Thirty-eight pSS patients and 200 population-based controls were studied for presence and severity of AD symptoms using the Autonomic Symptom Profile (ASP), a validated self-completed questionnaire evaluating various AD symptoms. In addition, patients were investigated by three different objective autonomic nervous function tests.

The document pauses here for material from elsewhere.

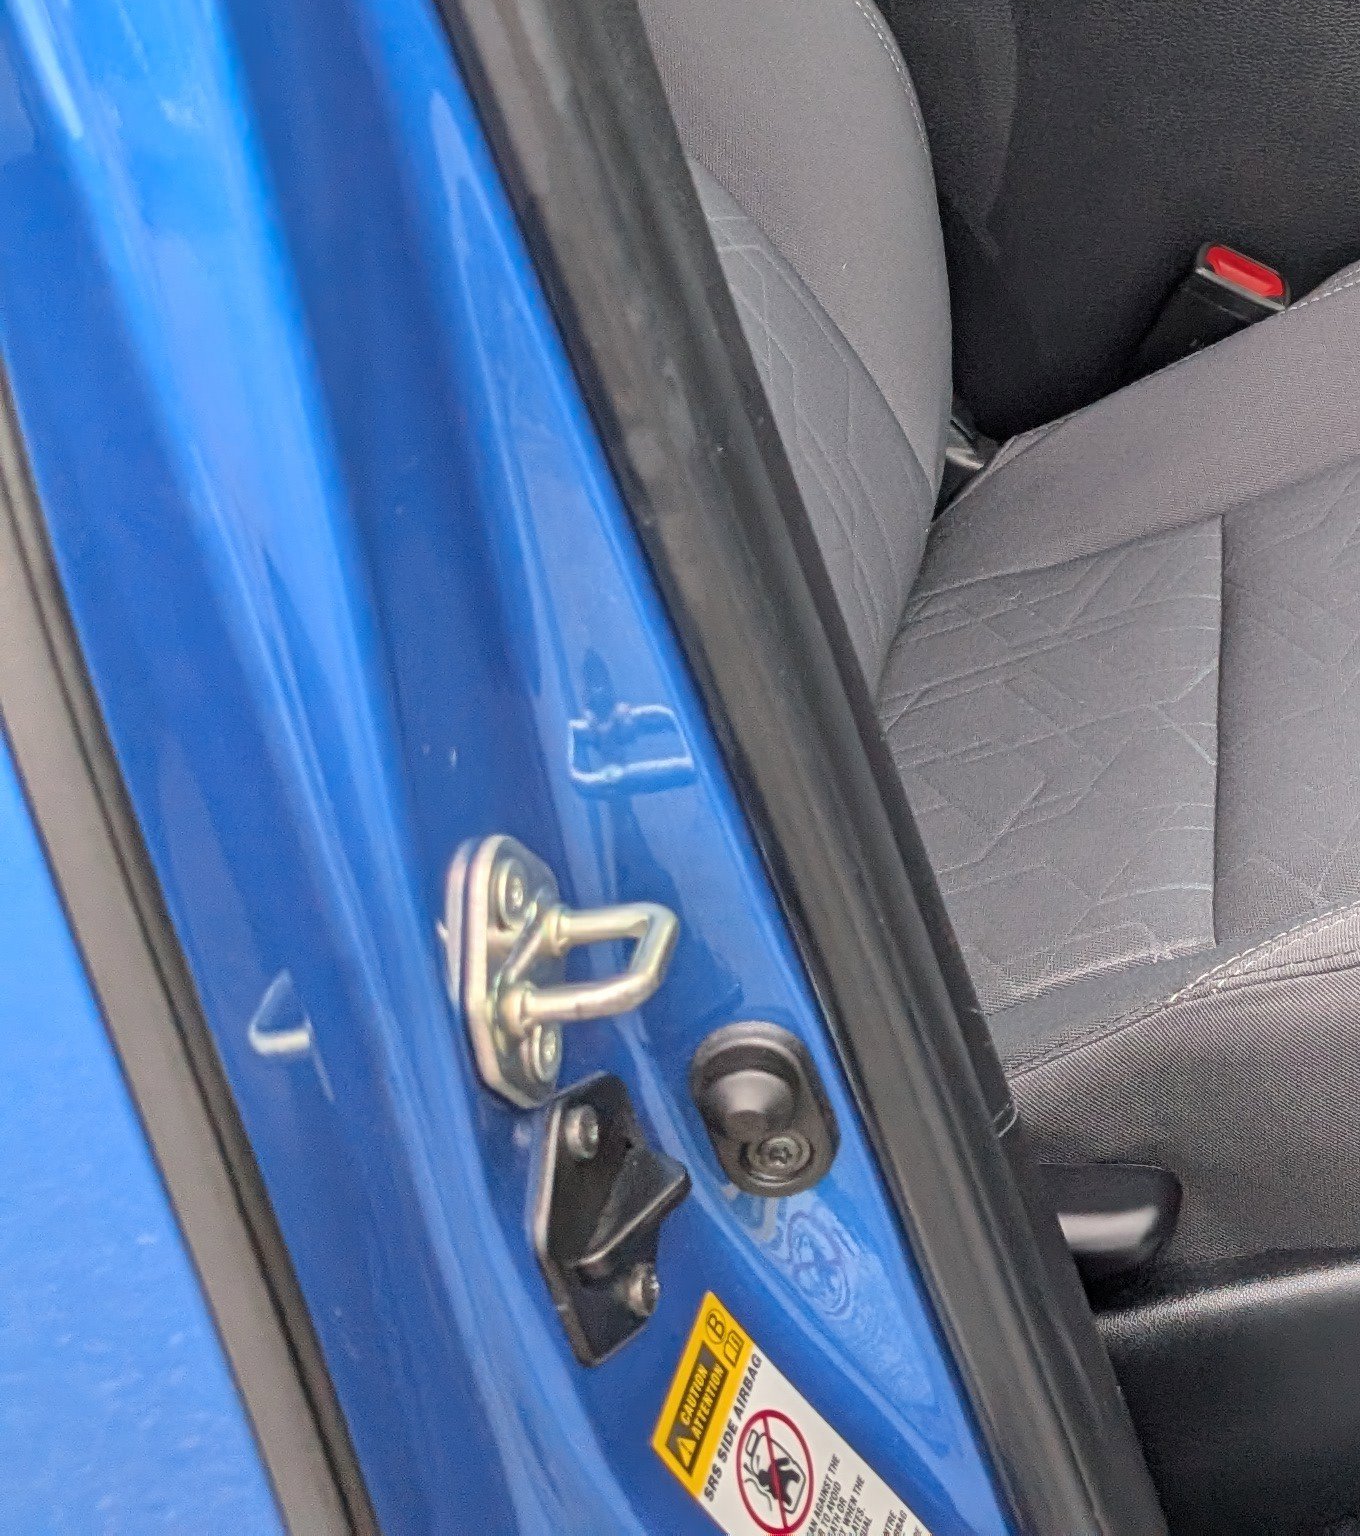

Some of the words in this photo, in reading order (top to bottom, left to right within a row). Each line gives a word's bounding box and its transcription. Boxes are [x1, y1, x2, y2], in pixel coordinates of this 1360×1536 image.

pSS patients scored significantly higher in the parasympathetic [secretomotor disorder, urinary disorder, gastroparesis (females only) and pupillomotor disorder] as well as sympathetic (orthostatic intolerance and vasomotor disorder) ASP domains compared with controls. Consequently, the standardized ASP total score was significantly increased in pSS patients [1.77 (0.57, 3.15) vs - 0.21 (-0.82, 0.72); P = 0.00] and 45% of pSS patients had an ASP total score >/=2 s.d. Furthermore, the autonomic nervous function tests showed signs of objective parasympathetic and sympathetic dysfunction as well. However, the ASP domain and total scores showed limited associations with the objective autonomic nervous function test parameters as well as clinical and serological factors of pSS.


pSS patients showed subjective and objective signs of both a parasympathetic and a sympathetic dysfunction. However, AD symptoms showed limited associations with objective autonomic nervous function as well as other clinical features of the disease.